ていた衣服《きもの》のはしが見えていた。老人は驚いて住職を呼んできた。住職は棺桶の蓋を取った。喬生はまだ生きているような若い女の屍と抱きあうようにして死んでいた。
「この女は奉化州判の符君の女《むすめ》でございますが、今から十二年前、十七の時に亡くなりましたので、かりにここへ置いてありましたが、その後、符君の処では、家をあげて北へ移りましたから、そのままになっておりました」
 住職はそれから女と喬生を西門の外へ葬ったが、その後、雨曇りの日とか月の黒《くら》い晩とかには、牡丹燈を点《つ》けた少女を連れた喬生と麗卿の姿が見えて、それを見た者は重い病気になった。
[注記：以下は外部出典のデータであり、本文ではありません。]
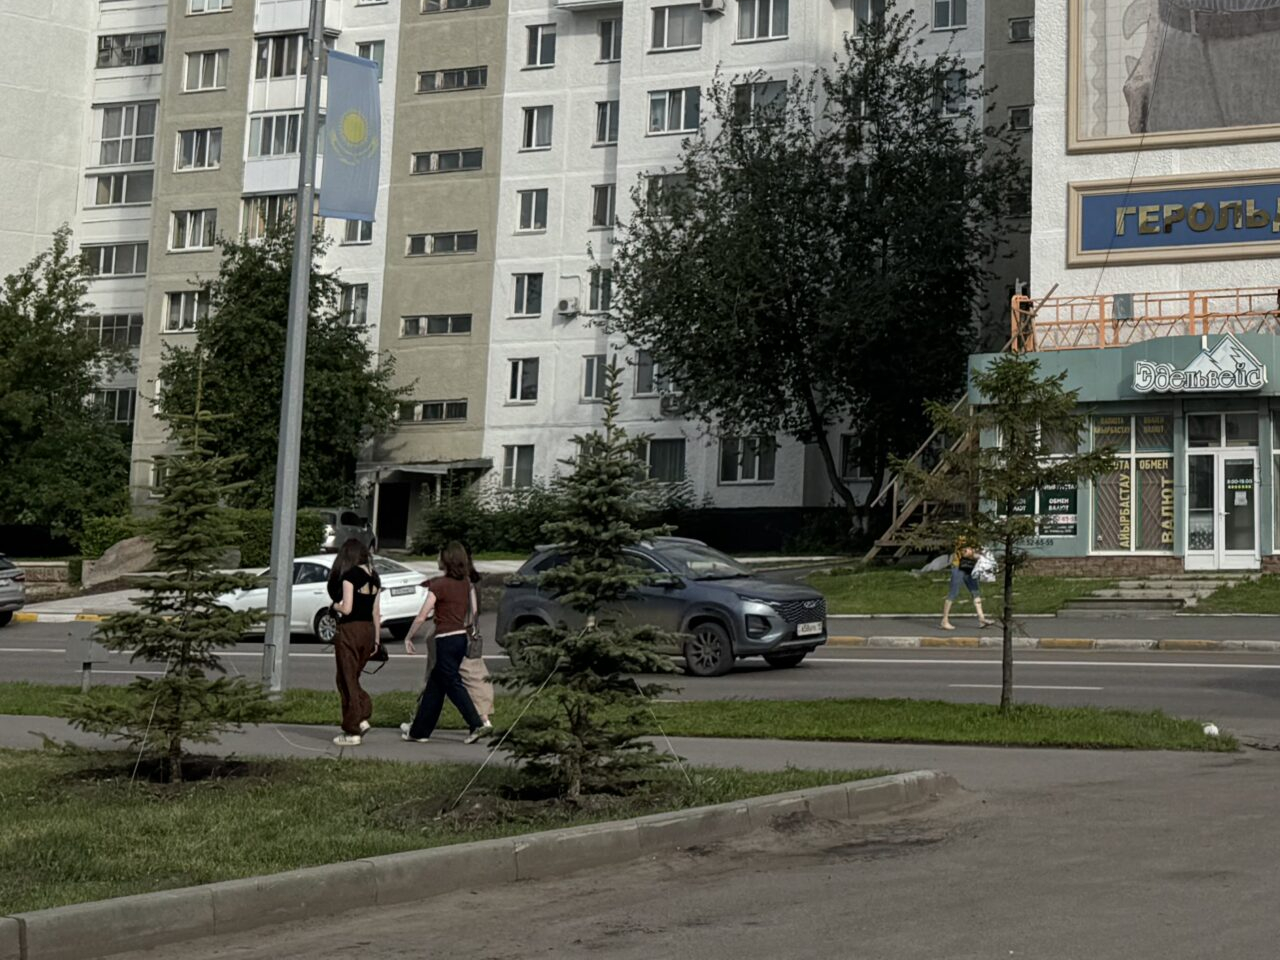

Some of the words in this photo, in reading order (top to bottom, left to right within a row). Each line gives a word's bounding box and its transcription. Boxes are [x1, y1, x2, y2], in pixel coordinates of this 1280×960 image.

[1135, 360, 1267, 391] Эдельвейс
[1139, 459, 1169, 470] ОБМЕН
[1161, 476, 1175, 544] ВАЛЮТ
土地の者は懼《おそ》れ戦《おのの》いて、玄妙観へ行って魏法師にこの怪事を祓《はら》うてくれと頼んだ。
「わしの符※[#「竹かんむり/(金+祿のつくり)」、第3水準1−89−79]《かじふだ》は、事が起らん前《さき》なら効があるが、こうなってはなんにもならん、四明山に鉄冠《てっかん》道人という偉い方がおられるから、その方に頼むがいい」
 土地の者は魏法師の言葉に従うて、藤葛《ふじかずら》を攀《よ》じ、渓《たに》を越えて四明山へ行った。四明山の頂上の松の下に小さな草庵があって、一人の老人が几《つくえ》によりかかって坐っていた。草庵の前には童子が丹頂の鶴の世話をしていた。人びとは老人の前へ行って拝《おじぎ》をした。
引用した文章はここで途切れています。